Standard Decides No Longer to Manufacture It.
Considers It Too Dangerous to Handle, Says Statement — Newhall Plant Is Dismantled — Move Believed to Have Greater Significance.
Los Angeles Sunday Times | July 26, 1914.
Declaring conditions unsatisfactory for the manufacture of the product in this State, the Standard Oil Company has decided to abandon manufacturing gasoline from natural gas. The company's plant at Newhall has been dismantled.
"About a year ago this company decided to install in the oil fields at Newhall (Pico Canyon), Cal., a compressor for manufacturing gasoline from natural gas," says the Standard in its bulletin for July, just issued. "A short time after a complete plant was installed and in working order.
"Many tests and experiments have been made with the gasoline produced by this compressor to determine, if possible, some safe means of transporting it to the company's refinery at El Segundo for rerunning. Owing to the great volatility and high vapor tension test of casing-head gasoline produced from California natural gas, which makes the product at all times a dangerous one to handle, the company has decided to abandon the prospect of making gasoline from natural gas in California, and has dismantled its plant."
The company also has another plant in the Coyote Hills district [Fullerton], and as this is only a very short distance from the refinery, it will probably be continued. It is understood, however, that the Standard will undertake the construction of no more plants in the State.
Several companies before the Standard have encountered serious difficulties in getting their compressor product to market on account of its highly explosive character. The Turner Oil Company in Coalinga, for instance, recently has been having a fight with the railroads to get them to carry its output from Coalinga field to San Francisco, and other concerns have had a similar experience.
There are now produced in the State daily over 20,000 gallons of casing-head gasoline, which has to be mixed with engine distillate or other low-grade product in order to be brought down to a gravity, available for commercial use. In this way the production of 20,000 gallons is expanded to 50,000 to 60,000 gallons a day.

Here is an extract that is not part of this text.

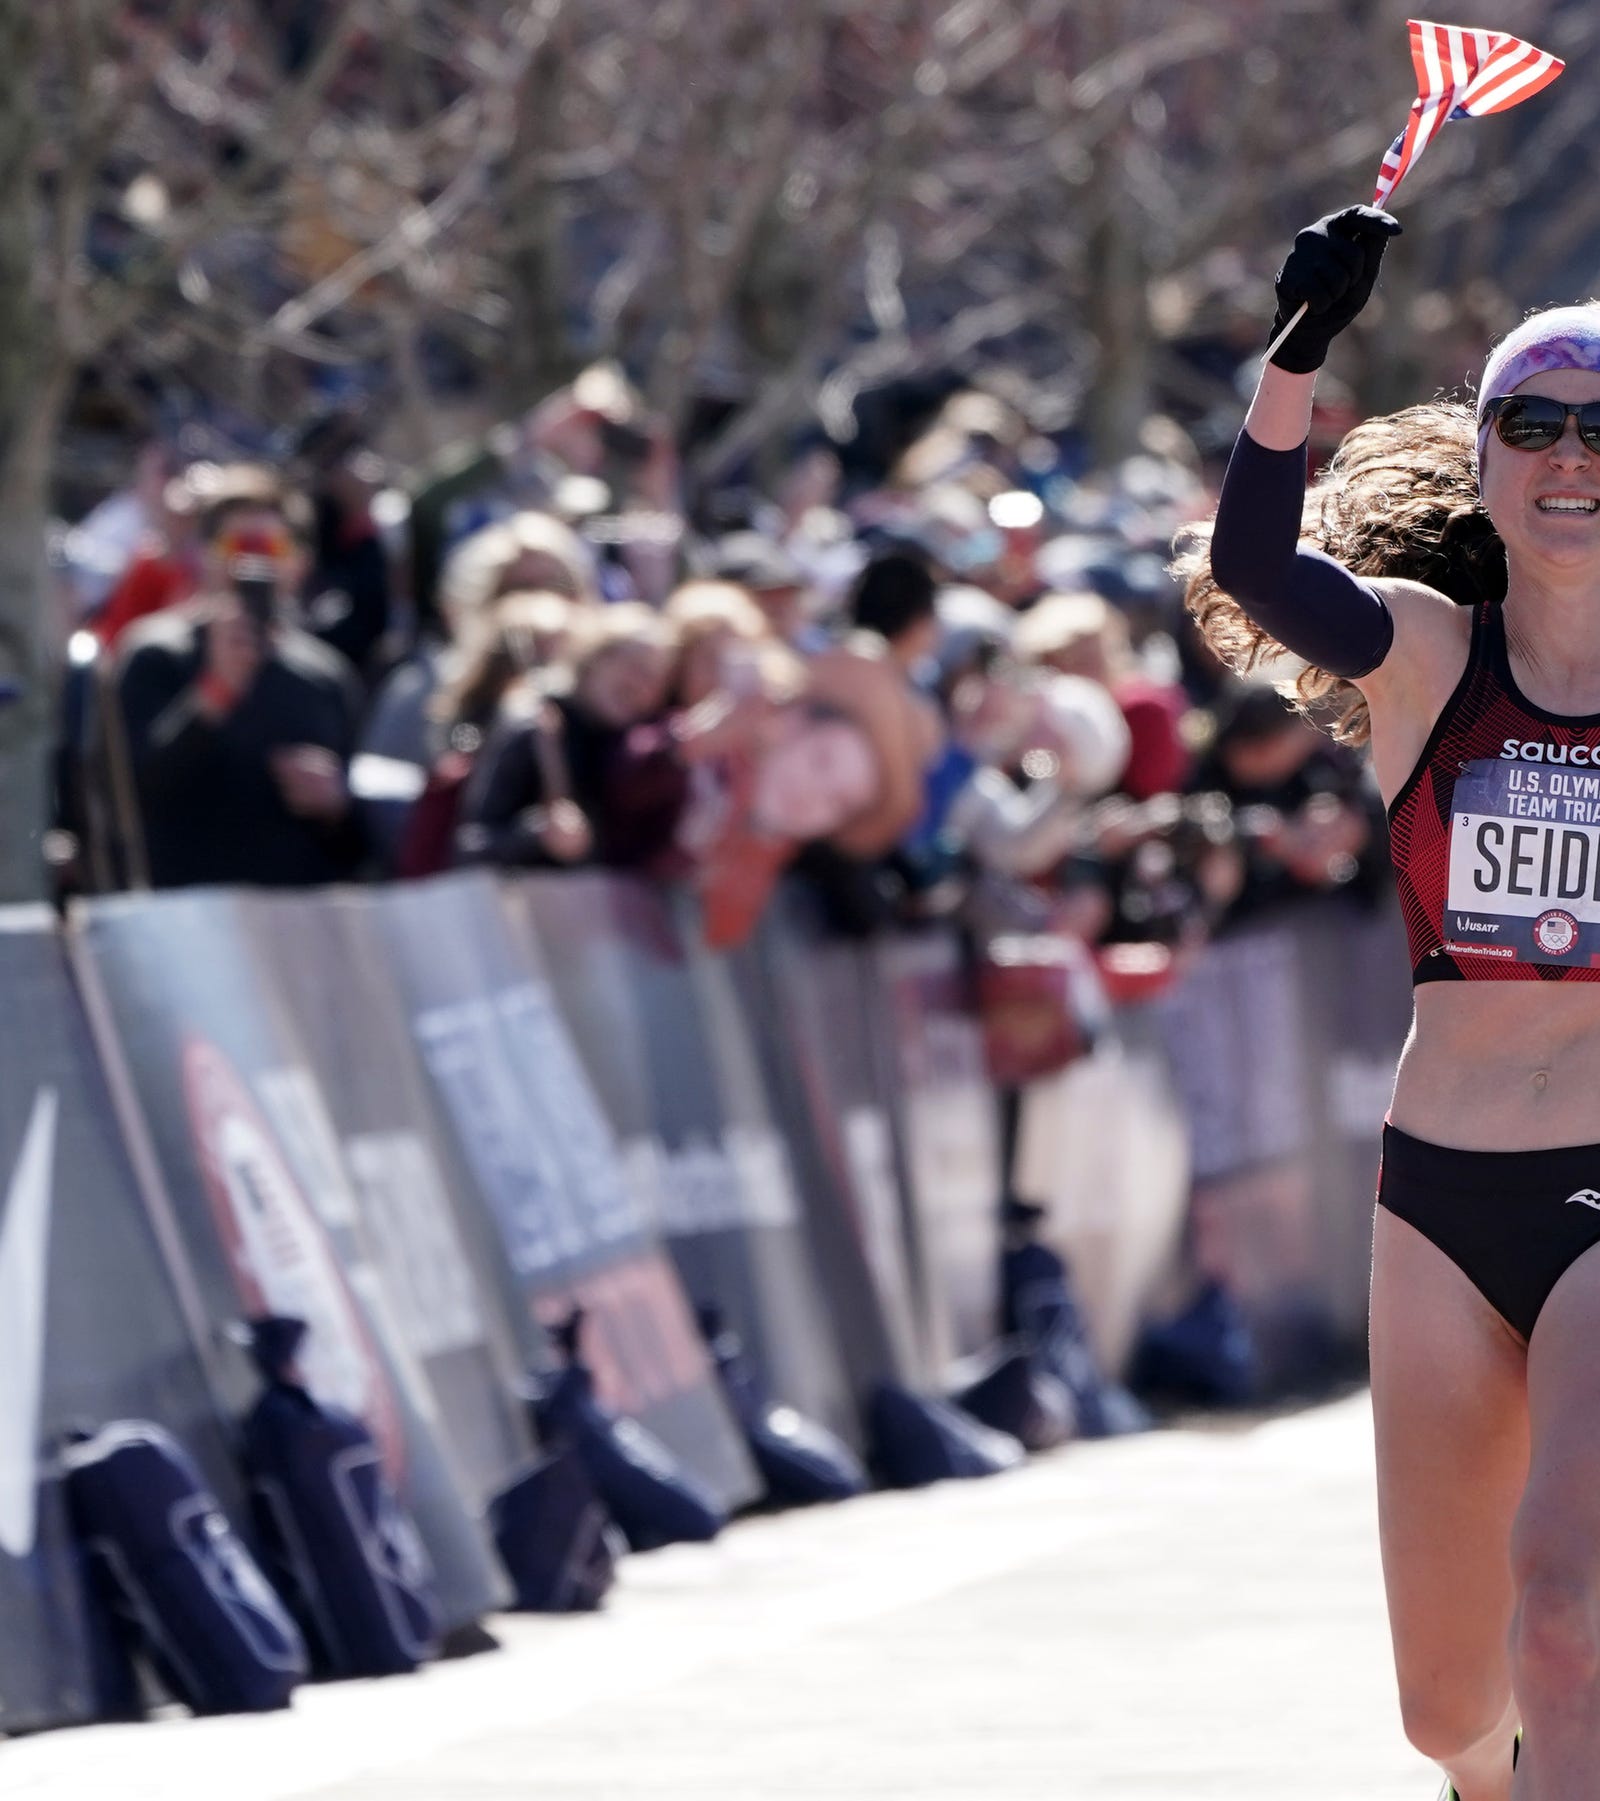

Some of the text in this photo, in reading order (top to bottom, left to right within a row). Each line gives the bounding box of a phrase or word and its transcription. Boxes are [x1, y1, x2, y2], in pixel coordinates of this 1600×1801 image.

The advent of the product, which has been on the market only about two or three years, has been largely the cause of the present price-cutting war, and the big companies would be glad to see it abolished as a market factor. The Standard has always looked on the product with disfavor and was among the very last to construct plants for manufacturing it in this State.
The abandonment of the plant has followed very closely on the heels, and by some is believed to be partly the result, of the development of a new substitute for ordinary gasoline, which the Standard recently has put on the market at a reduced price, apparently in an effort to fight casing-head gasoline.